### Problem to work on
From the first line to the last, write out the records exactly, leaving out images.

### Source information
Start of Block

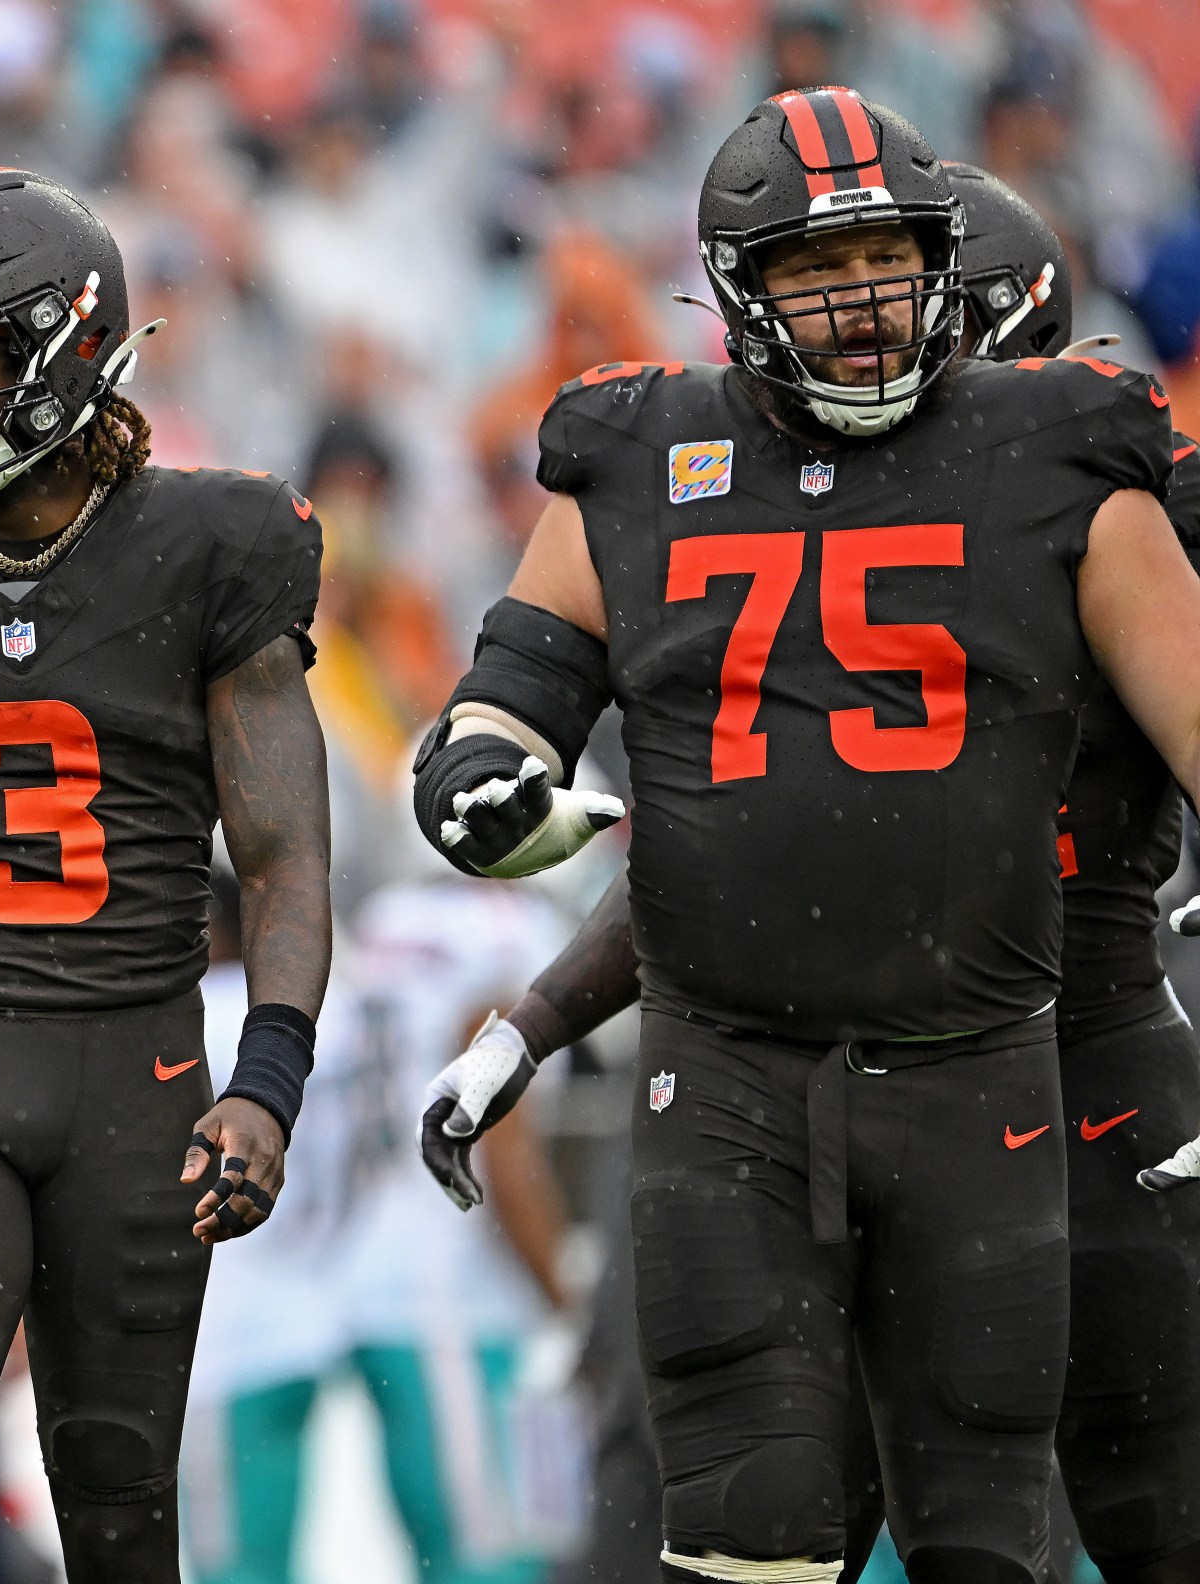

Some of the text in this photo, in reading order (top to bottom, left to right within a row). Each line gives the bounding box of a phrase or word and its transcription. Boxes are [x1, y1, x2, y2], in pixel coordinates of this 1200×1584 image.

[830, 190, 873, 206] BROWNS
[674, 444, 729, 485] C
[805, 474, 829, 489] NFL
[7, 637, 31, 654] NFL
[665, 523, 967, 784] 75
[652, 1088, 669, 1105] NFL
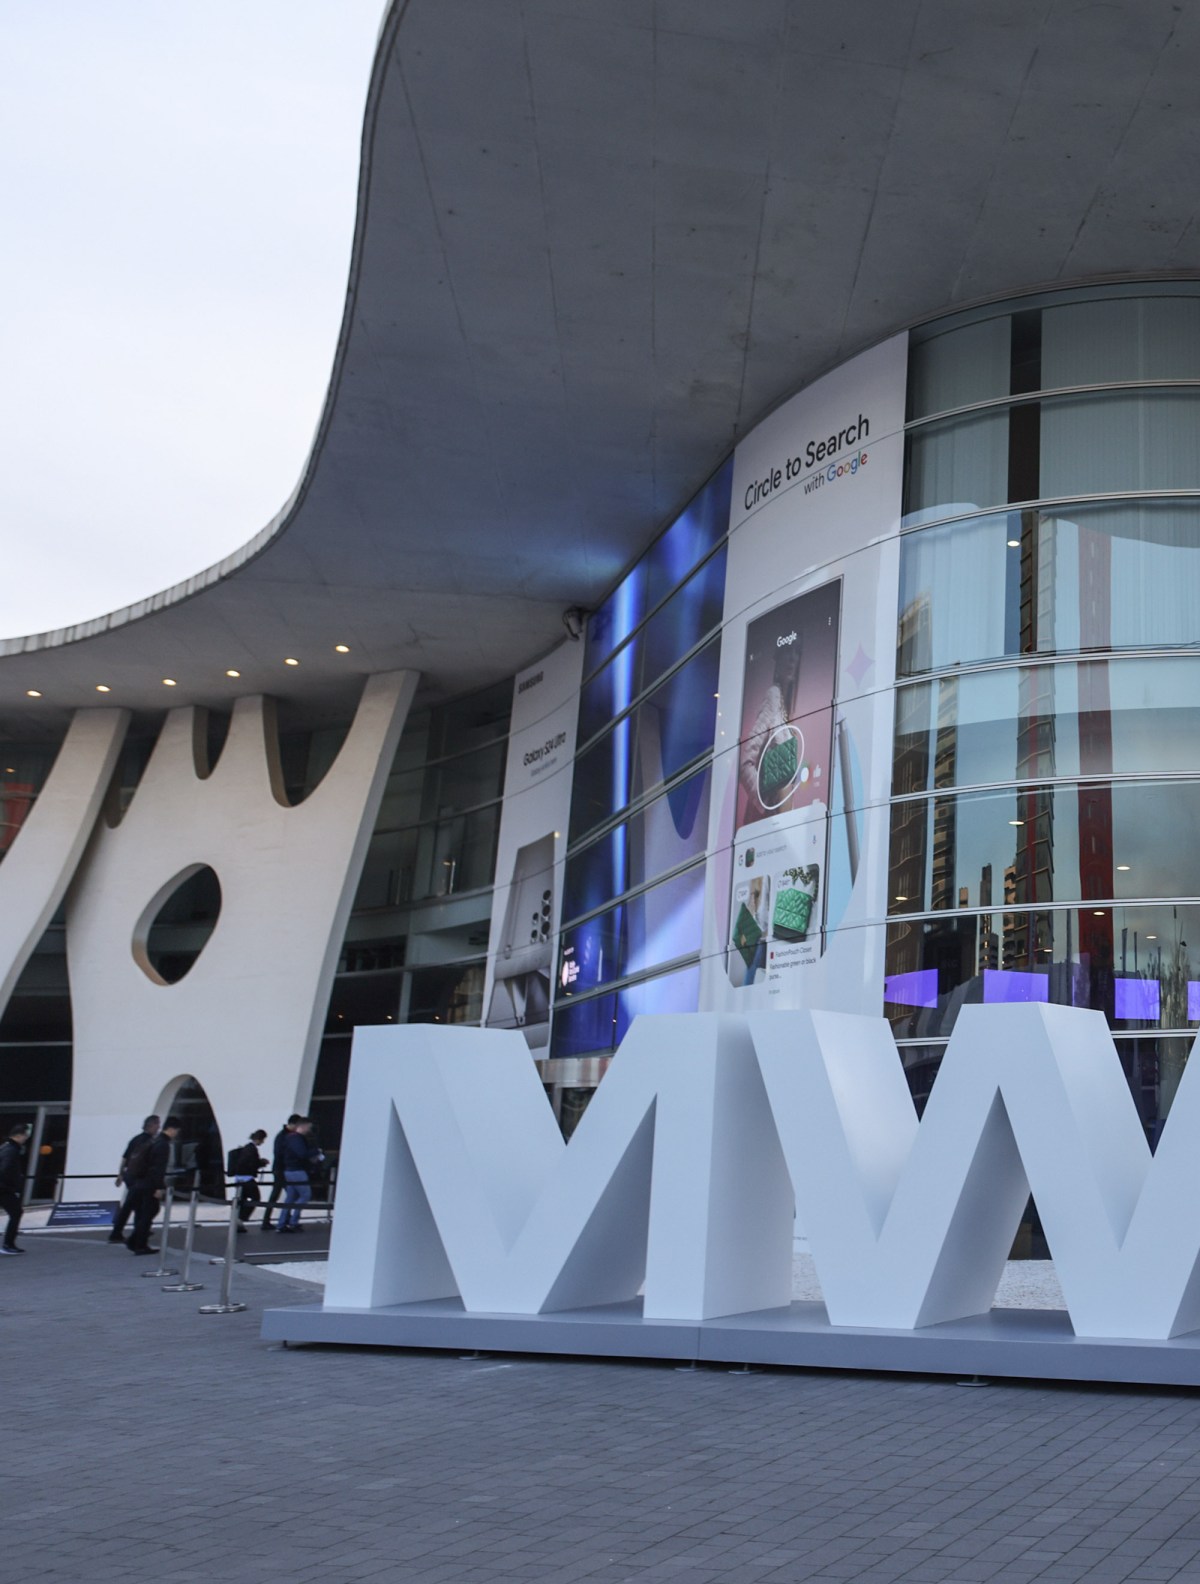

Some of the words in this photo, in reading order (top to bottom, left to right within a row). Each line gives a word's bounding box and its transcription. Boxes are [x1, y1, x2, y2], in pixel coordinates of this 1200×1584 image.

[744, 467, 782, 511] Circle
[785, 457, 802, 481] to
[805, 413, 870, 468] Search
[803, 472, 825, 495] with
[826, 451, 868, 482] Google
[776, 630, 798, 648] Google

End of Block

### Answer section
Some of the text in this photo, in reading order (top to bottom, left to right within a row). Each line gives the bounding box of a phrase or word and its transcription. Boxes are [x1, y1, x2, y2], in pixel coordinates of this 1200×1584 image.

[830, 190, 873, 206] BROWNS
[674, 444, 729, 485] C
[805, 474, 829, 489] NFL
[7, 637, 31, 654] NFL
[665, 523, 967, 784] 75
[652, 1088, 669, 1105] NFL

Some of the words in this photo, in reading order (top to bottom, left to right within a row). Each line gives a word's bounding box and its transcription. Boxes are [x1, y1, x2, y2], in pixel coordinates of this 1200×1584 image.

[744, 467, 782, 511] Circle
[785, 457, 802, 481] to
[805, 413, 870, 468] Search
[803, 472, 825, 495] with
[826, 451, 868, 482] Google
[776, 630, 798, 648] Google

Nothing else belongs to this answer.